Differences between traditional weather models and AI weather models

Both traditional and AI weather models use current atmospheric conditions as a starting point for their predictions, and that’s where the similarities end.

Computer models, programmed with complex formulas and operated by the world’s major government weather agencies, have long served as the backbone of forecasts and warnings. Although the accuracy of these traditional models has steadily improved over the decades, the trillions of calculations required to run a single model require enormous computational power; Operational costs are higher.

AI models are first trained to recognize patterns in vast amounts of historical weather data. Generate predictions by taking the current situation and applying what has been learned from the past. This process is much less computationally intensive and can be completed in minutes or seconds on a desktop computer, compared to an hour or more on a traditional model large supercomputer.

Many experts say AI models will probably never make traditional models obsolete. This is because traditional models are required to train AI models, and, at least for now, information about the initial state of the atmosphere is also fed into the AI ​​models.

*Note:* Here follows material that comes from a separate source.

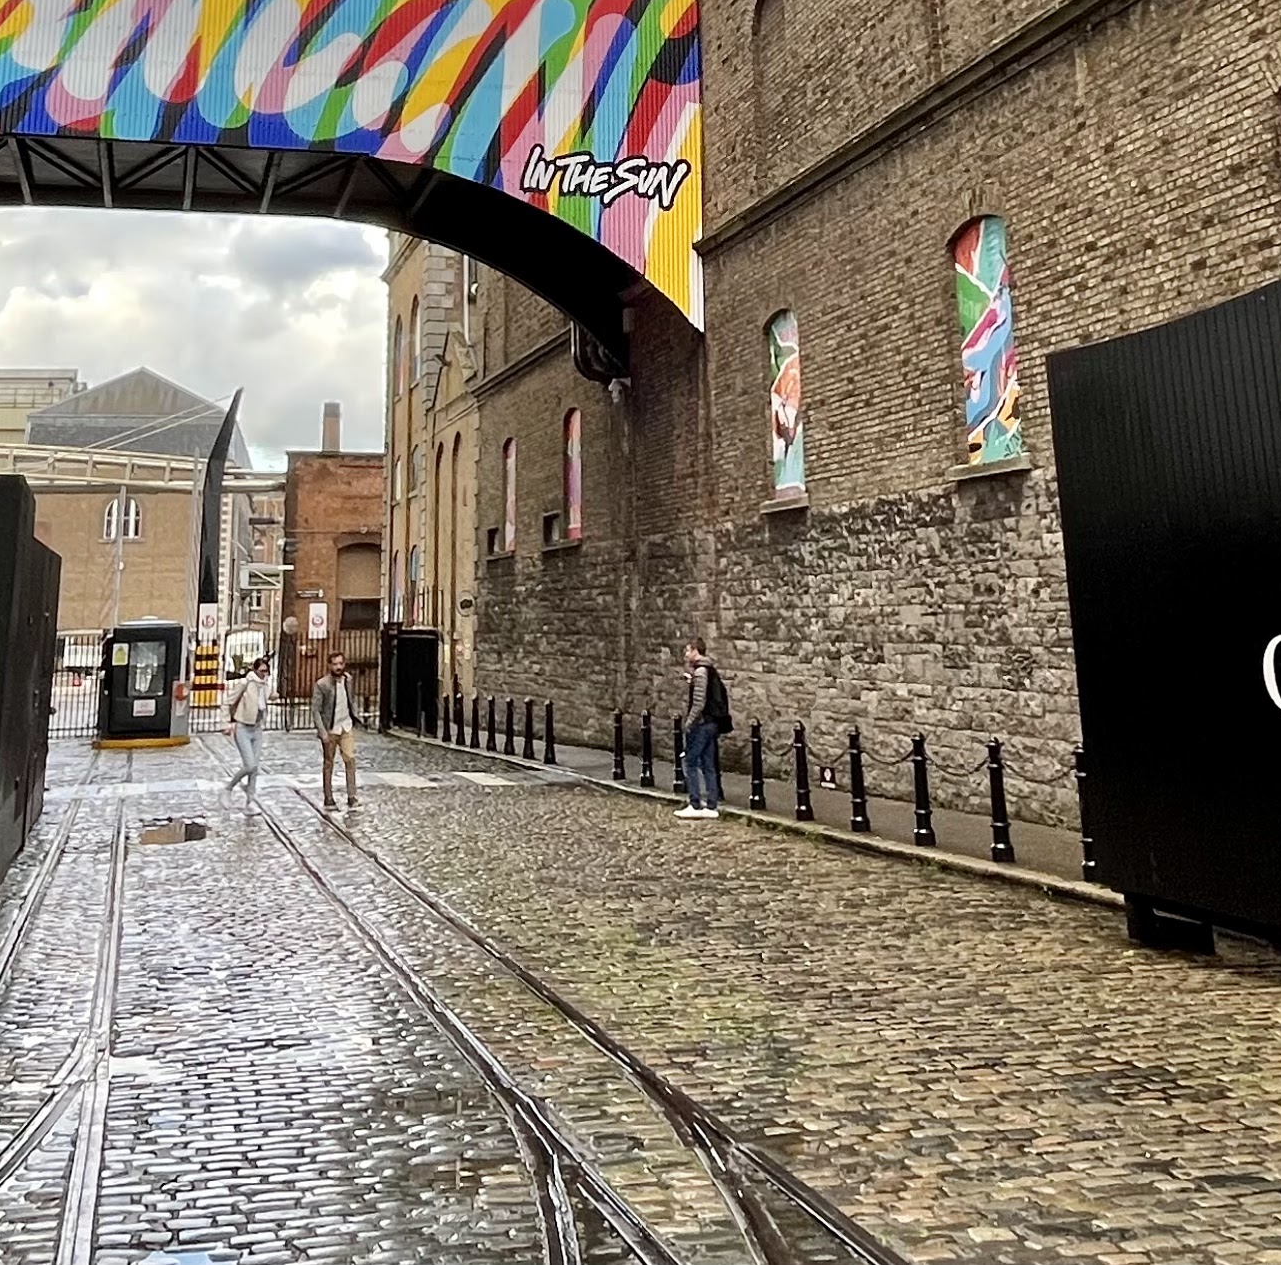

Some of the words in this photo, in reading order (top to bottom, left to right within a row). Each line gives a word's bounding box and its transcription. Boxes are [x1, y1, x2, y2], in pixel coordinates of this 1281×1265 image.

[523, 146, 555, 190] IN
[556, 155, 613, 193] THE
[603, 158, 688, 208] SUN

However, the speed and efficiency of AI models could change the way weather forecasts are made, allowing for more accurate and detailed predictions, especially in the case of extreme weather events.

Neil Jacobs, former NOAA acting administrator and chief scientific advisor for NOAA’s Next Generation Modeling effort, envisions a day when AI models generate predictions and traditional models are used only for training. Jacobs points to the potential for computers to run AI models more frequently and at higher resolutions without worrying about straining resources.

“It’s crazy to think what you could do with this if you took the limitations of high-performance computing off the table,” Jacobs said in an interview. “NOAA cannot afford to buy a system large enough to run the current model. [highest] Resolutions that can be set. Using AI-based systems solves that problem. ”

Advantages and limitations of AI

One of the most promising applications of AI in weather forecasting is ensemble modeling. In ensemble modeling, the same model is run multiple times, each time starting with slightly adjusted initial atmospheric conditions to represent the uncertainties and approximations made by the model. The result is a range of possible outcomes rather than a single forecast, which meteorologists use to identify the most likely forecast and assess its reliability.

Ensemble forecasts from traditional models are limited to about 50 simulations due to the time and cost of generation, and can miss extreme events such as excessive rainfall or heat. AI allows much larger ensembles to be generated in just minutes, potentially enabling more useful predictions and risk assessments for emergency managers, the general public, and numerous industries.

“Our hypothesis is that we can now easily scale up AI models to thousands or tens of thousands of ensemble members,” Anima Anandkumar, senior director of AI Research at NVIDIA, said in an interview. Ta.

The European Center says it believes ensembles are “the key to delivering valuable predictions on medium time scales” and has launched a project to create its own AI-based system.

Despite recent advances, AI models have limitations. For example, it is not possible to create all forecasts for many important parameters, such as precipitation and cloud cover. They also need to gain the trust and understanding of forecasters who have spent their careers working with traditional models. But the rapid pace of innovation has meteorologists excited about the possibilities.

“I think this is the future, especially when it comes to operational forecasting,” Jacobs said.